## Dataset extract
▼
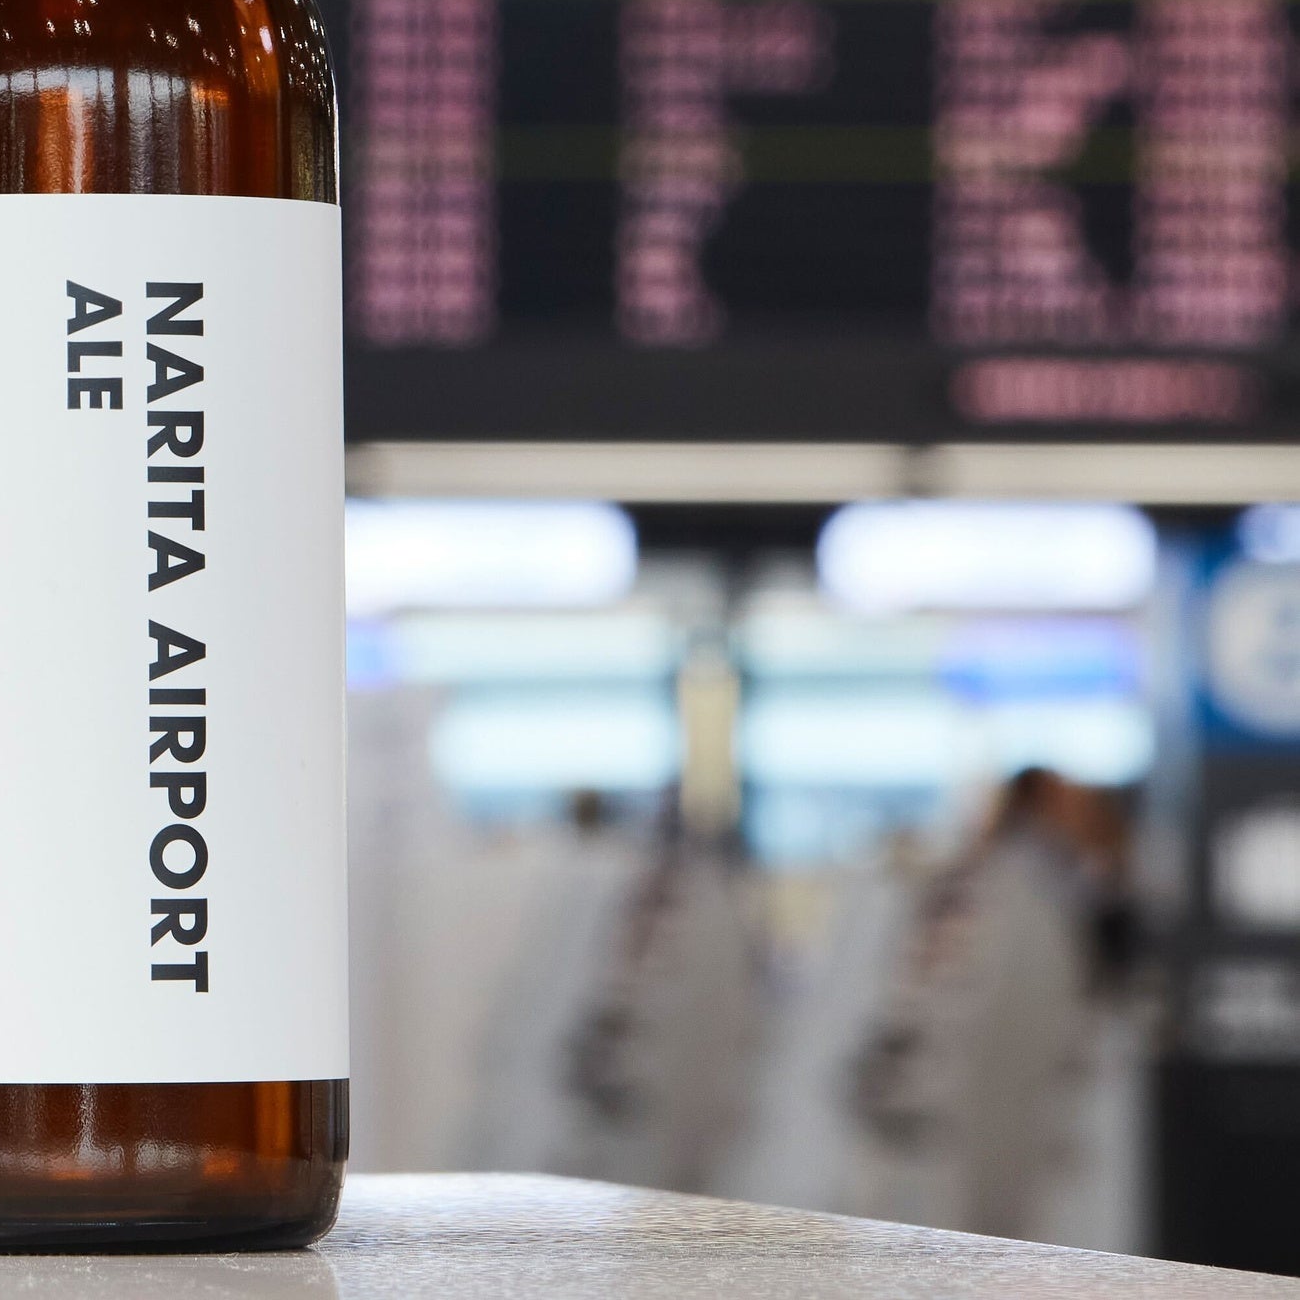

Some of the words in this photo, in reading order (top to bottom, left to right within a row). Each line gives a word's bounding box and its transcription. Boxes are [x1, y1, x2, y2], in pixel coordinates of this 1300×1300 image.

[67, 280, 123, 410] ALE
[146, 281, 206, 593] NARITA
[148, 619, 209, 993] AIRPORT
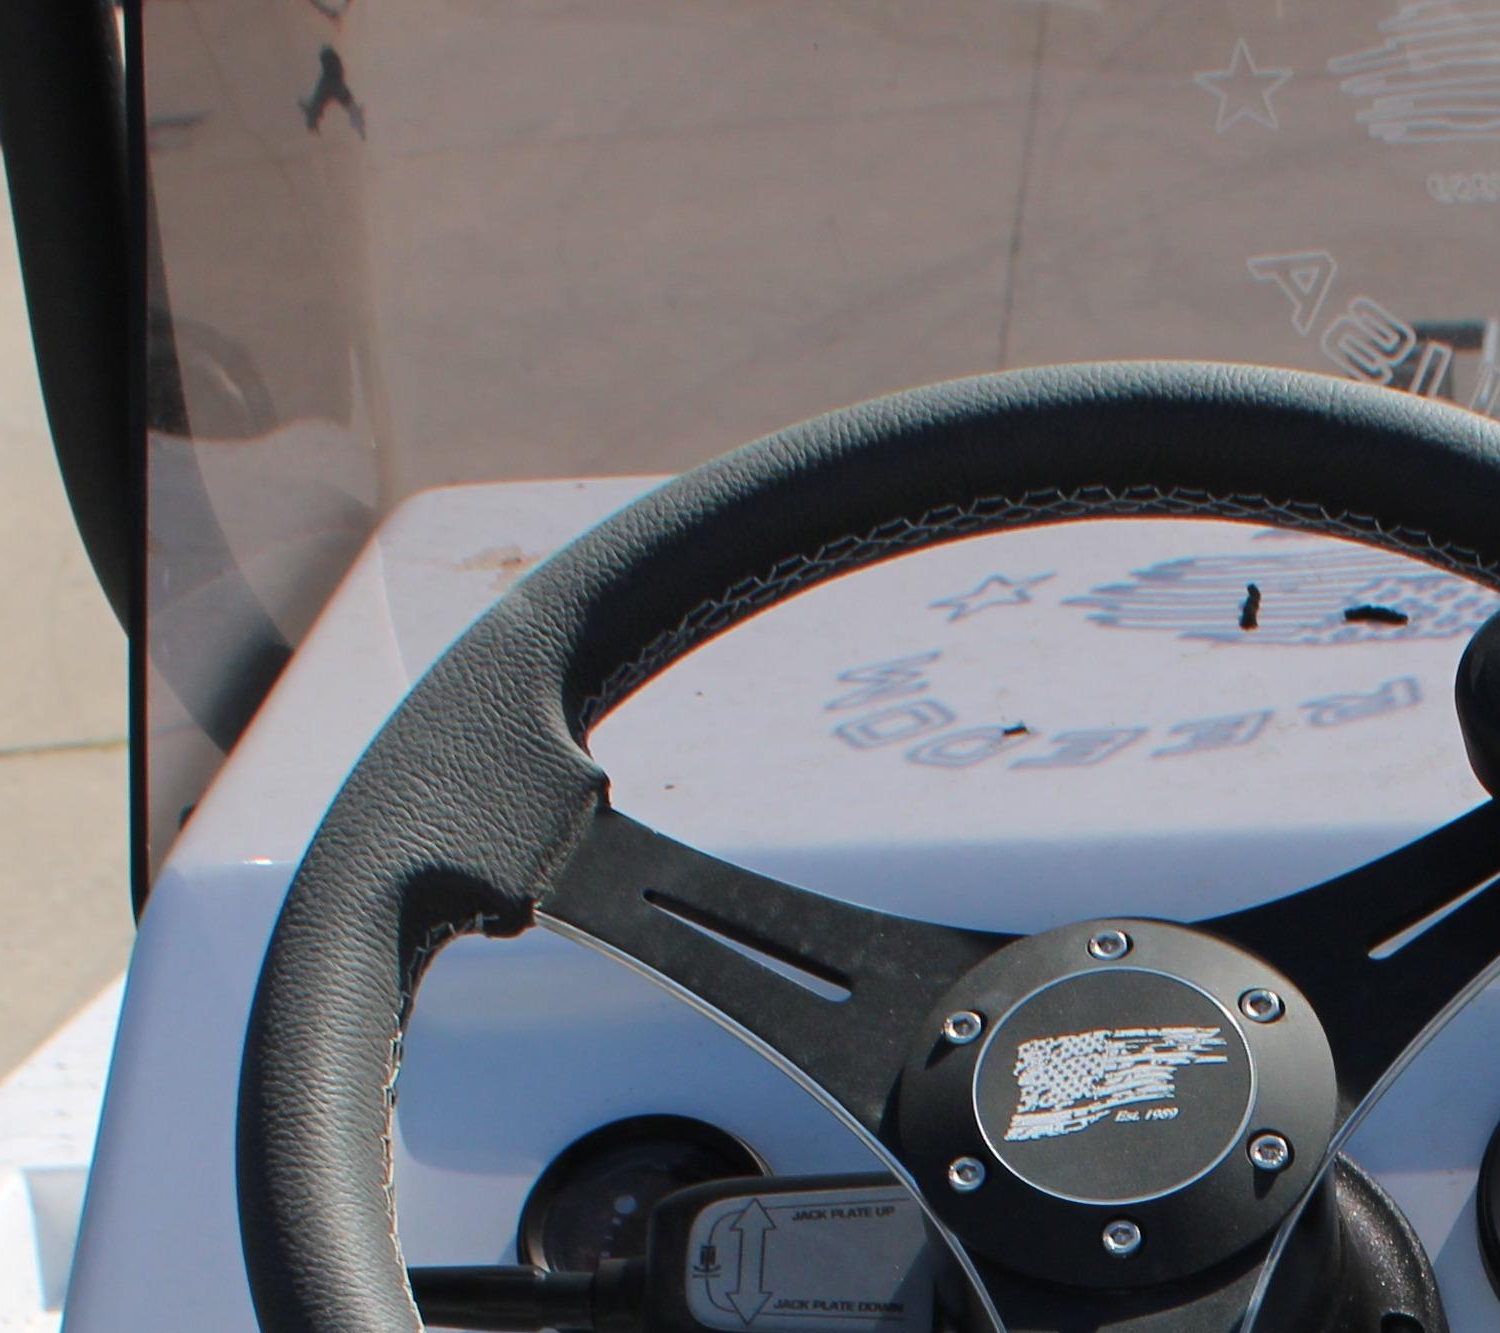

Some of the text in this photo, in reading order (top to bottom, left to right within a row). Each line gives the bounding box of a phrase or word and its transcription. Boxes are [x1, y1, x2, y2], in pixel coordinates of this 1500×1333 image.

[792, 1206, 895, 1221] JACK PLATE UP
[774, 1299, 905, 1313] JACK PLATE DOWN
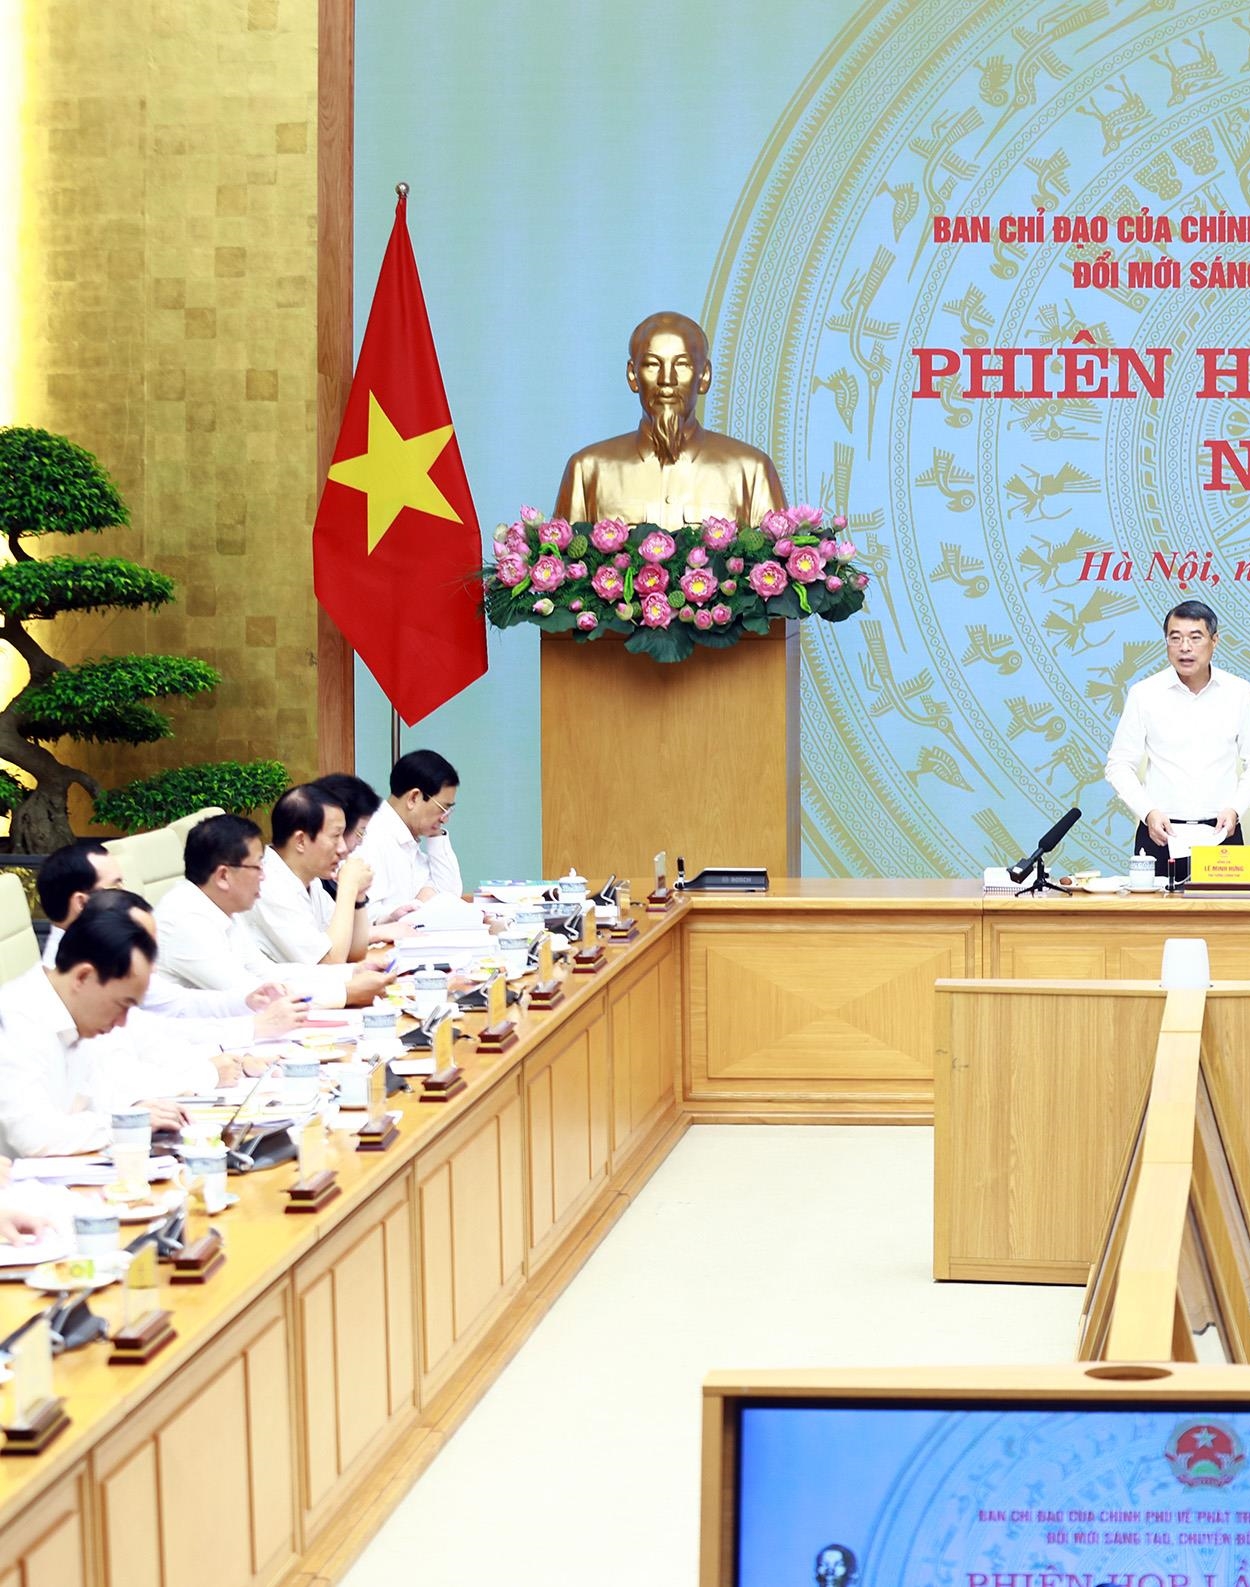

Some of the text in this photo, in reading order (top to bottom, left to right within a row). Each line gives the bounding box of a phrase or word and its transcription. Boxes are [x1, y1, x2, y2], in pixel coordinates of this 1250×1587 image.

[934, 216, 990, 244] BAN
[999, 207, 1046, 244] CHỈ
[1053, 216, 1110, 251] ĐẠO
[1117, 207, 1172, 244] CỦA
[1073, 250, 1119, 290] ĐỔI
[1128, 254, 1181, 290] MỚI
[911, 329, 1172, 400] PHIÊN
[1079, 551, 1134, 582] Hà
[1145, 550, 1220, 590] Nội,
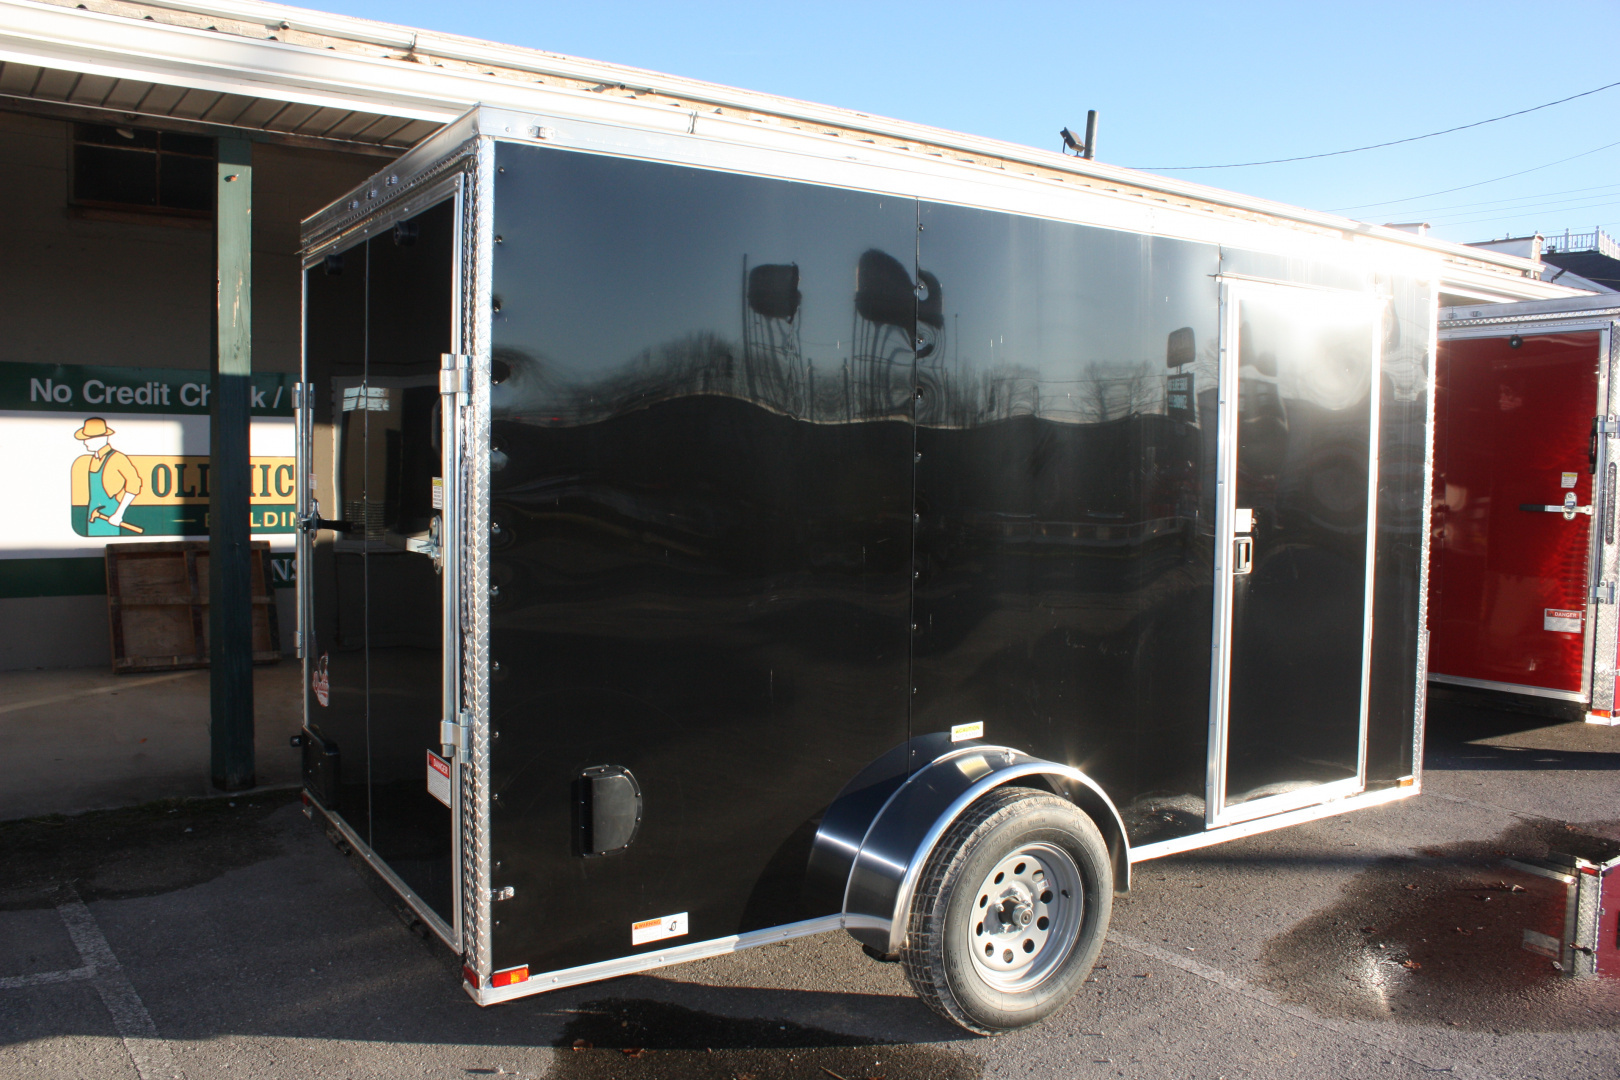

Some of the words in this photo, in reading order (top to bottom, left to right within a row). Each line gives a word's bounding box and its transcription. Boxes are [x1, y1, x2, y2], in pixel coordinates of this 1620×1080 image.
▲
## Task to carry out
Return all of the material exactly, without pictures.

## Expected answer
Some of the words in this photo, in reading order (top to bottom, left to right within a row). Each line gives a word's bounding box and its transcription. Boxes are [x1, y1, x2, y2], in pixel coordinates of this 1300×1300 image.

[67, 280, 123, 410] ALE
[146, 281, 206, 593] NARITA
[148, 619, 209, 993] AIRPORT

Some of the text in this photo, in reading order (top to bottom, left to right within a row). Each line gives the bounding box of a phrase or word and its transcription. Boxes are [x1, y1, x2, y2], in pixel coordinates of this 1500×1333 image.

[792, 1206, 895, 1221] JACK PLATE UP
[774, 1299, 905, 1313] JACK PLATE DOWN

Some of the text in this photo, in reading order (top to bottom, left to right within a row). Each line gives the bounding box of a phrase or word and its transcription. Boxes are [x1, y1, x2, y2], in pixel coordinates of this 1250×1587 image.

[934, 216, 990, 244] BAN
[999, 207, 1046, 244] CHỈ
[1053, 216, 1110, 251] ĐẠO
[1117, 207, 1172, 244] CỦA
[1073, 250, 1119, 290] ĐỔI
[1128, 254, 1181, 290] MỚI
[911, 329, 1172, 400] PHIÊN
[1079, 551, 1134, 582] Hà
[1145, 550, 1220, 590] Nội,

Some of the words in this photo, in reading order (top to bottom, left to right within a row). Each line gives a word's bounding box and its transcription. Boxes are [x1, y1, x2, y2], in pixel coordinates of this 1620×1080 image.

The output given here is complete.